What are the 3 forms of CO2 transport? Which is the most common form?
What catalyzes the formation of bicarbonate? In what part of blood is this enzyme located?
HCO3- is produced by the enzyme Carbonic Anhydrase. Human CA-II (the isoform in RBCs) is the fastest known enzyme, with a turnover rate of 1,000,000 per second. CA-II is present inside RBCs, but is absent in plasma.
Describe the chloride shift and the Bohr effect as shown in the attached figure.
When HCO3- is formed, it leaves the RBC. Cl- comes in to balance HCO3 leaving. This is the chloride shift. Note that HCO3 is higher in venous blood and Cl is lower due to the chloride shift.
The conversion of CO2 to HCO3 also produces a H+ which may protonate hemoglobin (Hb ’ HHb).

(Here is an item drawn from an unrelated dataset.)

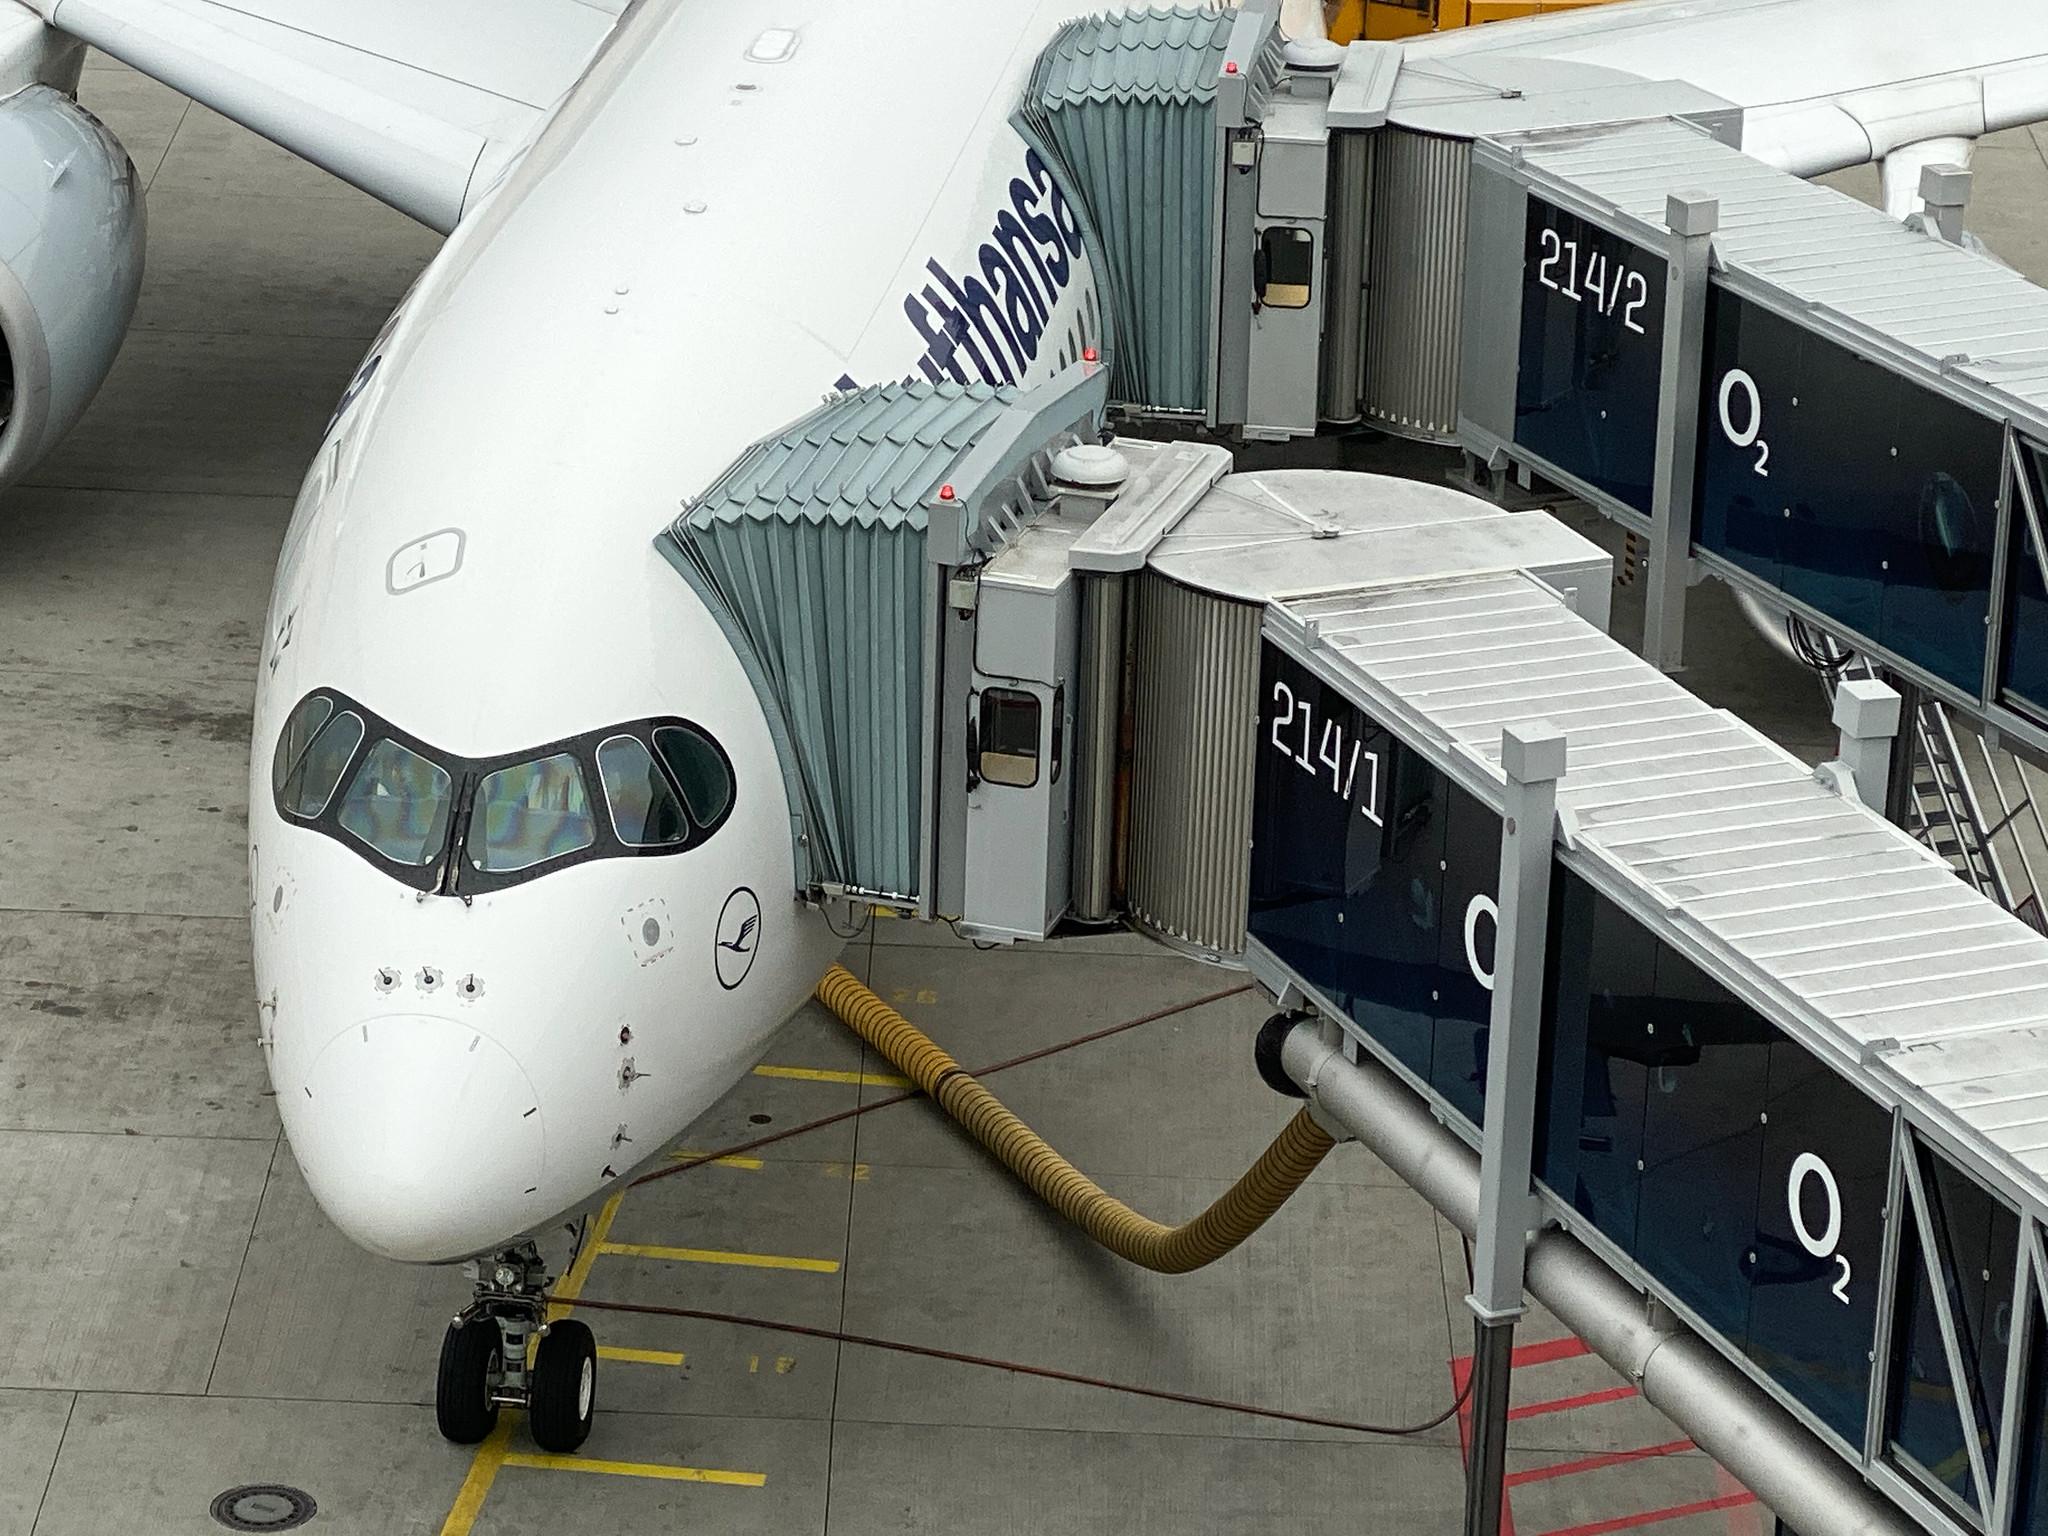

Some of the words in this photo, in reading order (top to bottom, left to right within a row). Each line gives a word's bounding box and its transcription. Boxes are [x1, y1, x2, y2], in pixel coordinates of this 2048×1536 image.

[834, 147, 1082, 390] fthansa
[1539, 228, 1647, 334] 214/2
[1271, 681, 1384, 828] 214/1

HHb has a lower affinity for O2 than Hb and therefore the addition of CO2 to the blood tends to promote the release of O2. This is the mechanism of the Bohr effect.
What is the Haldane effect? What 2 factors/properties of Hb contribute to the Haldane effect?
Like O2 content, CO2 content increases as PCO2 increases. However, CO2 content curves do not have the nice graceful shape of O2 curves. The key modulatory factor here is PO2. Consider blood in an alveolar capillary.
(1) When Hb is oxygenated, the pKa of amino groups that can bind protons decreases. This lower affinity results in the release of protons, which combine with HCO3 to form CO2 (which then diffuses from the blood into the alveolar air). Thus the total CO2 content is reduced AT ANY GIVEN PCO2. Despite all this intricate chemistry, after equilibration the blood Pa,CO2 always equals PA,CO2.
(2) The capacity of deoxygenated Hb to bind CO2 and form carbamino-Hb is greater than that of fully oxygenated Hb. More CO2 “fits” in deoxy-Hb.
These two factors contribute to what we call the Haldane effect: oxygenation of hemoglobin promotes dissociation of CO2 from hemoglobin.
Using the attached graph, explain how the Haldane effect impacts CO2 transport.
At the same tissue PCO2 btwn venous and arterial blood, significantly more CO2 is taken up than would have been taken up if not for the Haldane effect. Note this increase in CO2 content is due to decreases PO2 in venous blood. The Haldane effect is beneficial at the lungs as well as at the tissues.